Input material: Begin

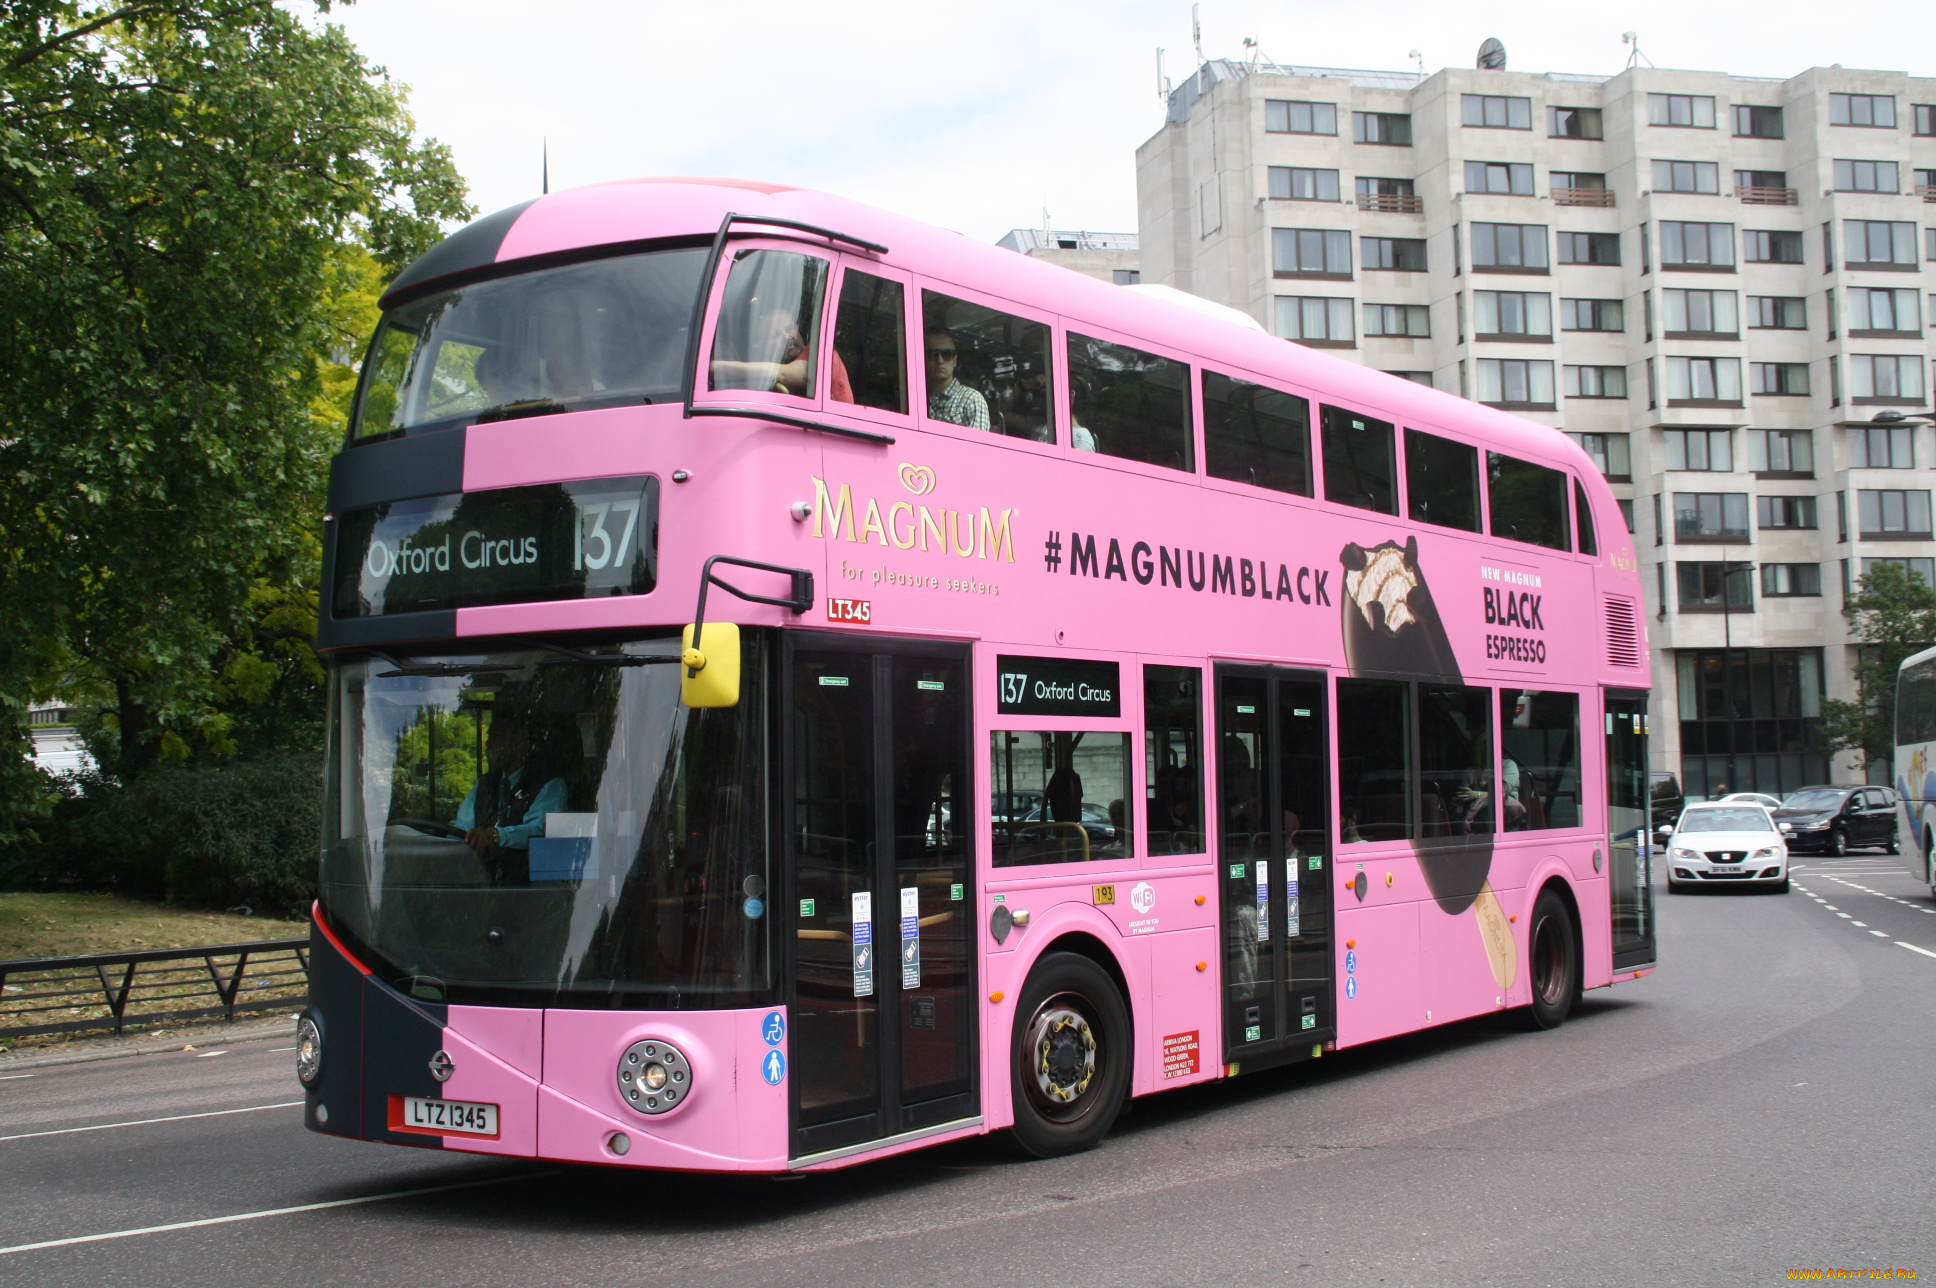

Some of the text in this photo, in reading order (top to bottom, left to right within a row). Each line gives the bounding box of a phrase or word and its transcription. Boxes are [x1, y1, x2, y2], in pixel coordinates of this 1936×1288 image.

[573, 501, 640, 571] 137
[811, 475, 1015, 563] MAGNUM
[367, 530, 538, 578] Oxford Circus
[1044, 530, 1332, 607] #MAGNUMBLACK
[840, 559, 1000, 596] for pleasure seekers
[1480, 566, 1542, 588] NEW MAGNUM
[828, 598, 870, 622] LT345
[1483, 586, 1545, 631] BLACK
[1486, 634, 1546, 664] ESPRESSO
[1000, 673, 1111, 704] 137 Oxford Circus
[1096, 887, 1113, 902] 193
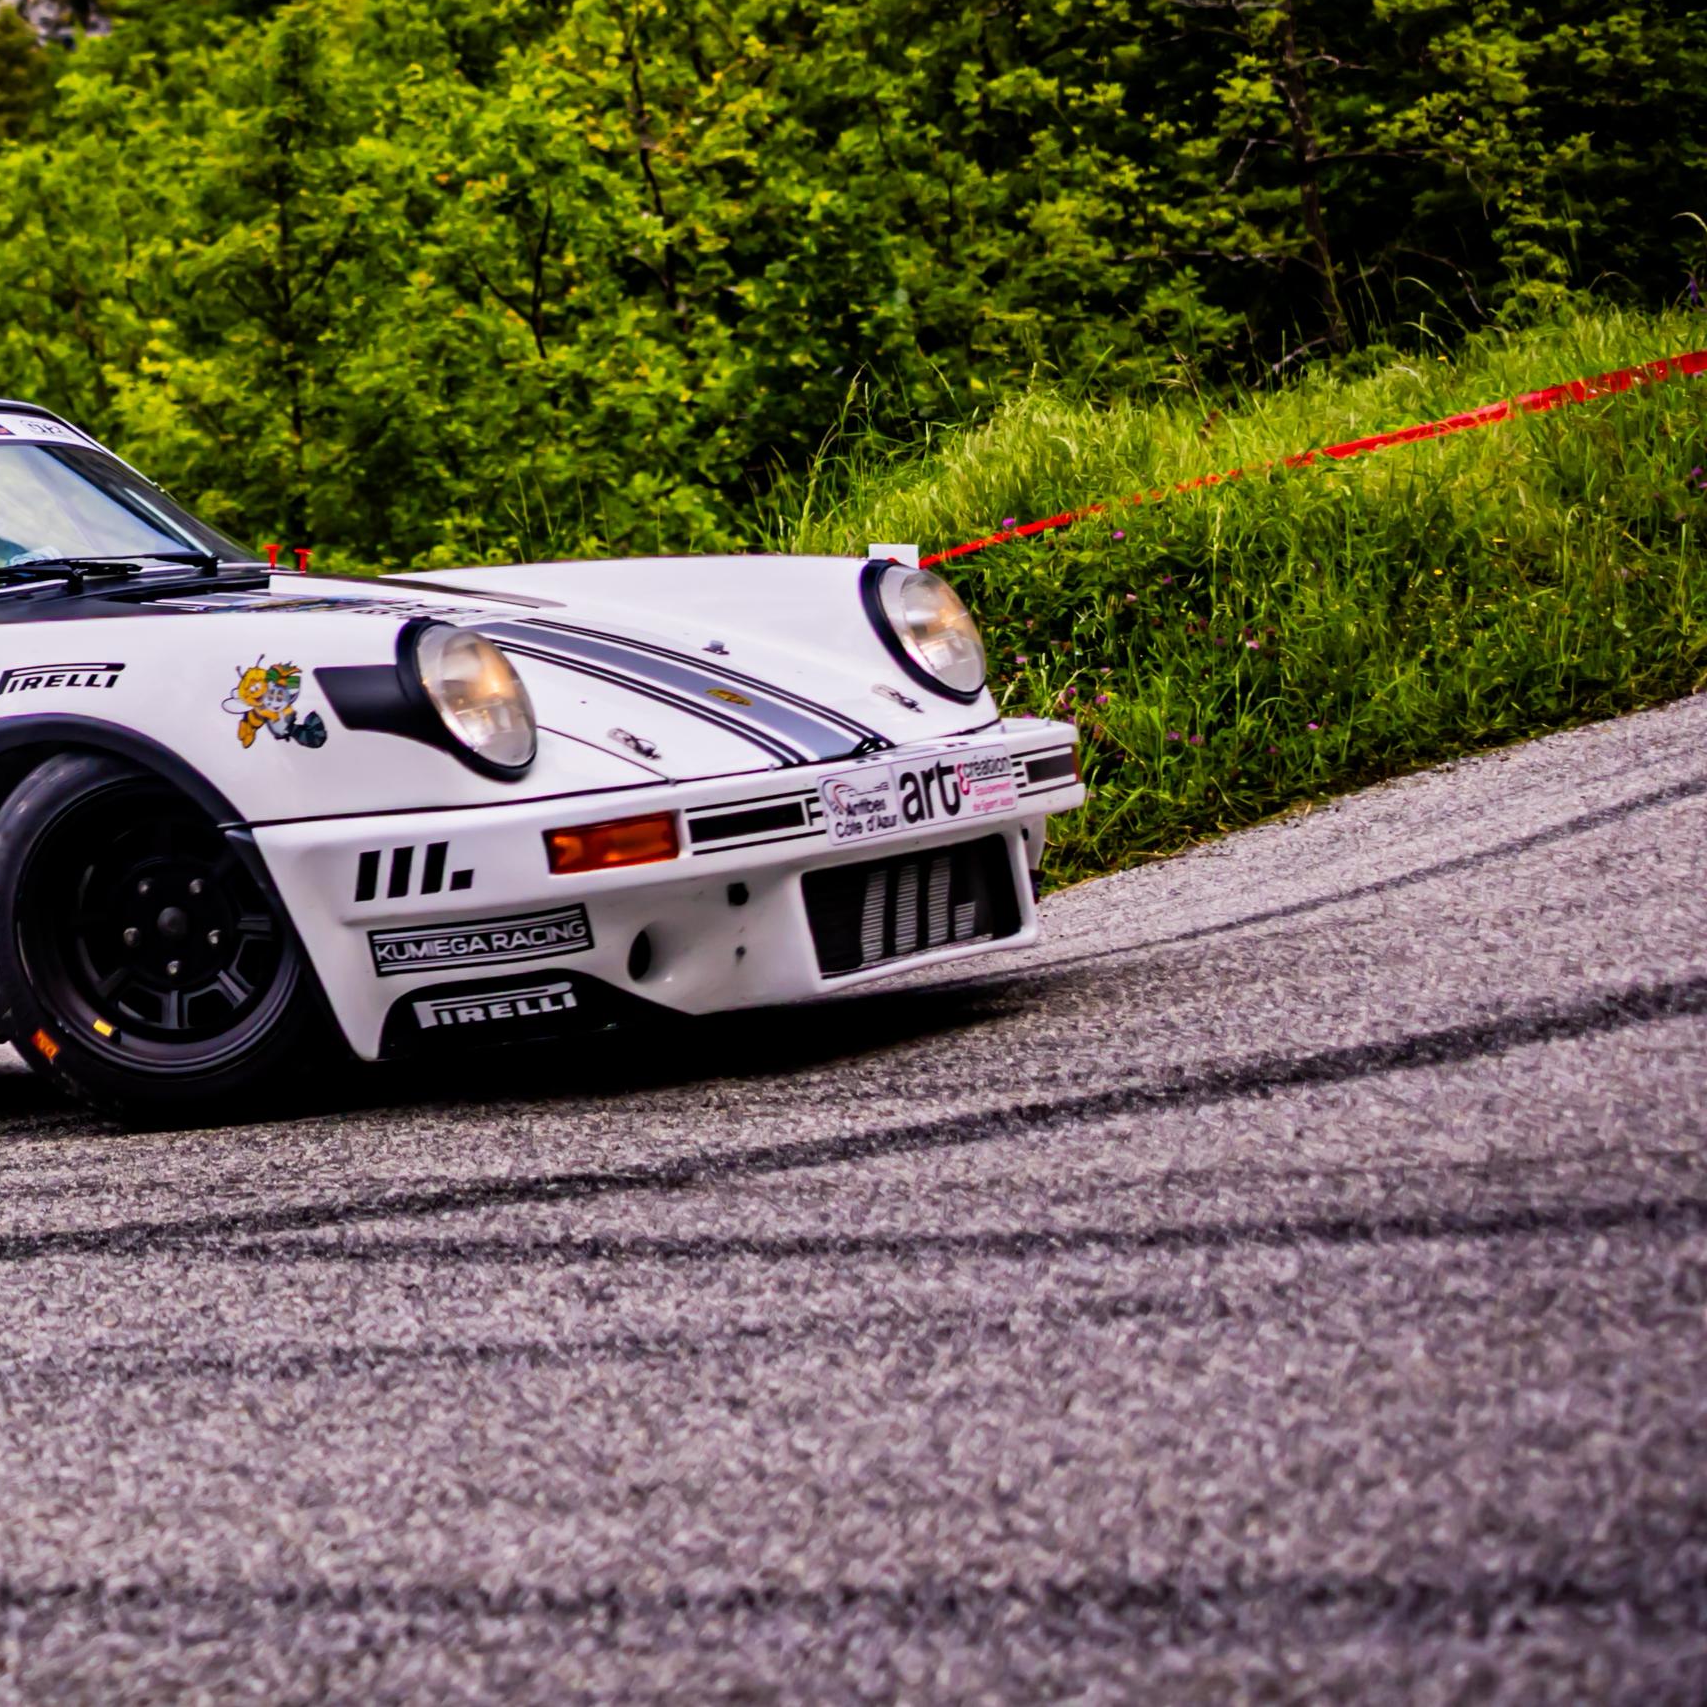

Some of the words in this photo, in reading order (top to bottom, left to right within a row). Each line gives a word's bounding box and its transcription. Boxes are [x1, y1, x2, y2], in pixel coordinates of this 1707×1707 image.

[899, 760, 961, 824] art
[375, 936, 489, 962] KUMIEGA
[491, 919, 587, 952] RACING
[412, 981, 578, 1030] PIRELLI

Input material: End

*Work instructions*.
Only the lines from the one containing "Some of the words" through the final line of the data belong in the answer, repeated exactly.

*Result for this exercise*.
Some of the words in this photo, in reading order (top to bottom, left to right within a row). Each line gives a word's bounding box and its transcription. Boxes are [x1, y1, x2, y2], in pixel coordinates of this 1707×1707 image.

[899, 760, 961, 824] art
[375, 936, 489, 962] KUMIEGA
[491, 919, 587, 952] RACING
[412, 981, 578, 1030] PIRELLI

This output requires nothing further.